Abandoned Books

Reviews of books and authors not much discussed on the web.

Name:
Location: Philadelphia, Pennsylvania

Saturday, June 30, 2007

Budd Schulberg

Schulberg’s great theme is the “why” of success, both on the upside and the downside. He’s certainly a very good observer and reporter of various worlds: Hollywood, Boxing, the Literati.

His books really aren’t what they should be, though. My problem with them all is well-stated by a Mr. Ethan Cooper, who wrote a review for Amazon of What Makes Sammy Run? (giving it four stars, yet):

I liked this book. But I disliked Al Manheim, the narrator of "What Makes Sammy Run?", much more than Sammy Glick, a person Al considers a total sleaze. Al drinks too much, he's puritanical about sex, and uniformly condemning of Sammy, even when Sammy does something -- such as starting a newspaper column about radio (The book is set in the 1930's, folks) that is actually a brilliant business move. Also, I found Al's newspaperman pose -- curt, cynical, seen it all -- dated and annoying. Plus, the critical Al was basically passive and stuck in the bar, crying in his beer, while Sammy grew a career. Sammy Glick is definitely an unethical opportunist. But he was often no worse than those he competed with. My advice: Give a guy a break Al, and stop your whining!
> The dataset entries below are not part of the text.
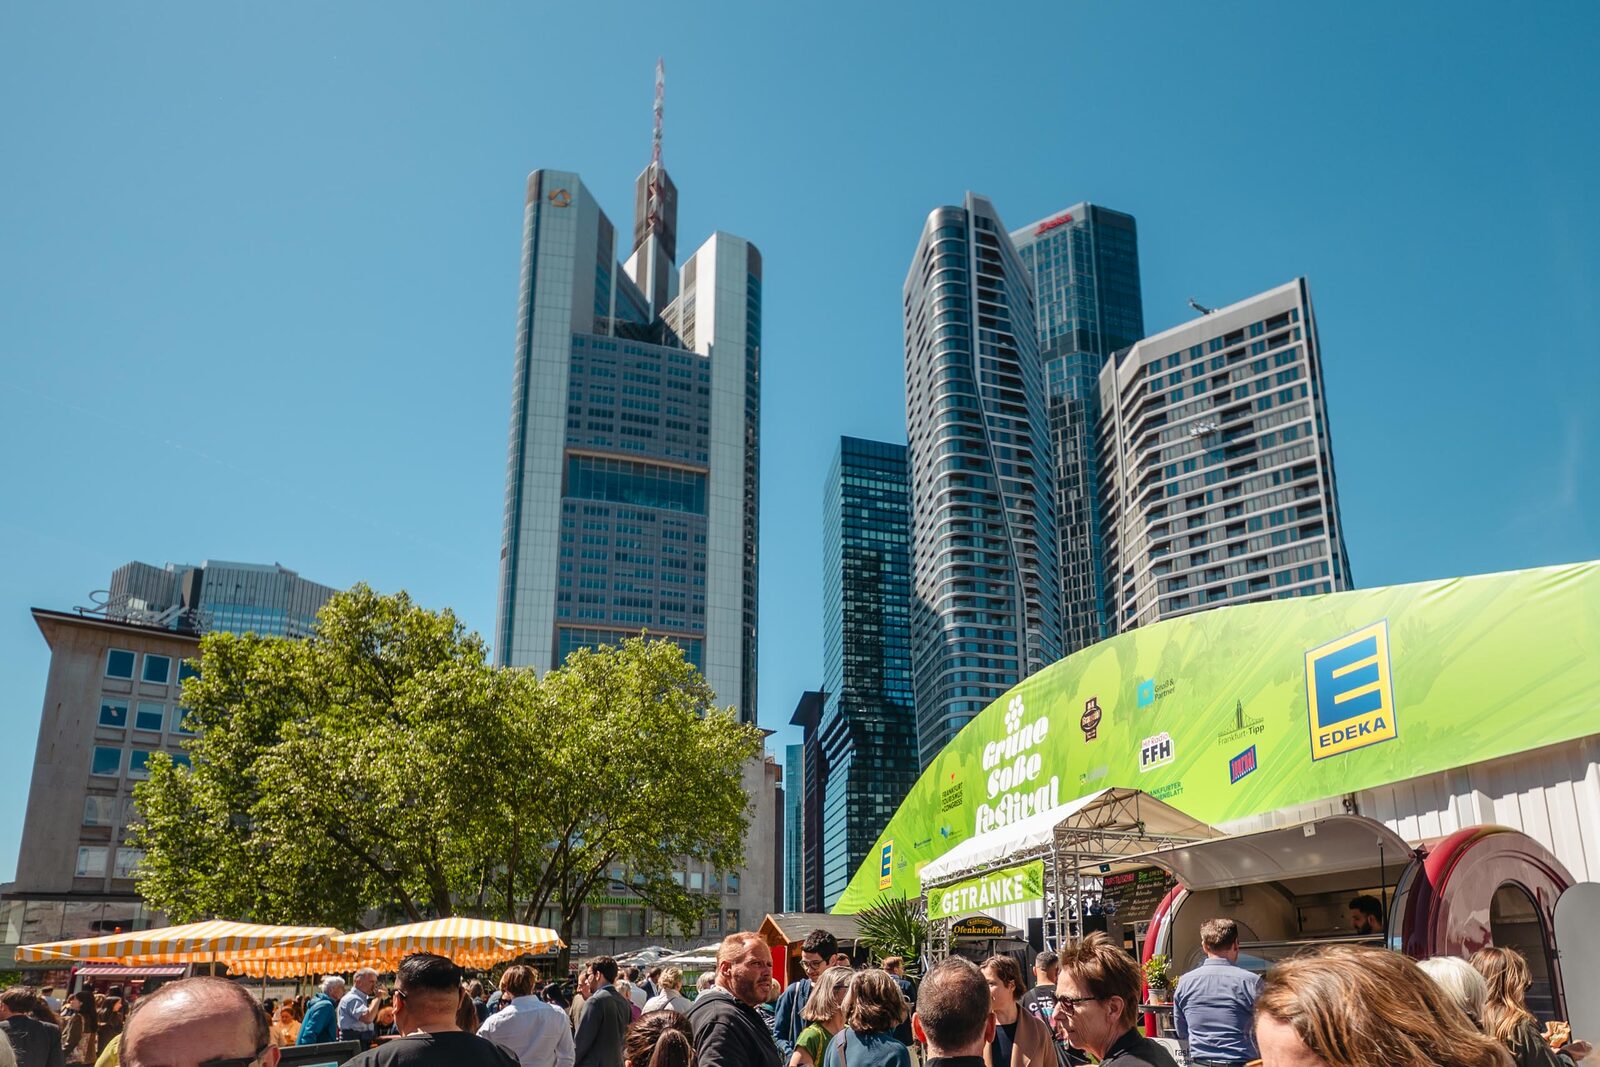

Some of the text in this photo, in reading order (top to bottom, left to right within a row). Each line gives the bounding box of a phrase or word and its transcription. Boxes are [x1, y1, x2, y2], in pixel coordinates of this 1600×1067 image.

[1154, 687, 1175, 701] Partner
[1319, 716, 1386, 748] EDEKA
[1142, 740, 1170, 766] FFH
[1148, 781, 1181, 796] ANKFURTER
[942, 874, 1024, 914] GETRÄNKE
[953, 925, 1005, 934] Ofenkartoffel
I agree completely, Schulberg interposes a narrator who tells/interprets the story for us, and this guy is much less interesting than the world he’s relating -- here it’s a serious flaw that Sammy Glick is just more appealing, despite being an obvious shark, than the narrator. One feels like somebody trying to enjoy France in the company of an annoying uncle who insists on lecturing you about the Euro exchange rate, you’re being subjected to something pretty much beside the point. Secondly, the morality is uninteresting, there’s a lot of tut-tutting here that’s unconvincing (after all Schulberg writes of Sammy with such relish) and unenjoyable. Read What Makes Sammy Run? and tell me who you’d rather have a beer with, Sammy Glick? Or perpetually whiny Al Manheim?

This isn’t a small thing -- I’m suspicious of morality in fiction, especially when the writer obviously is a secret sharer in what he’s creating. Schulberg wouldn’t do Sammy so well if he didn’t understand, and on some level relate, to Sammy -- so where comes all this disapproval?
Still, for all of it’s problems What Makes Sammy Run? is probably the most enjoyable of Schulberg’s novels. There’s a real snap and patter, especially early on in the book, and Glick comes across as one of those American types that people do tend to like, the guy who’ll put one over on you with but keep a glimmer in his eye while he’s doing it. The novel had it’s roots in short stories, and that’s probably why it’s best in sections -- as it goes on it seems less interesting, and in particular at the halfway point there’s a long excursion in the origin of a Hollywood Writer’s union -- honey, I could care less, truly.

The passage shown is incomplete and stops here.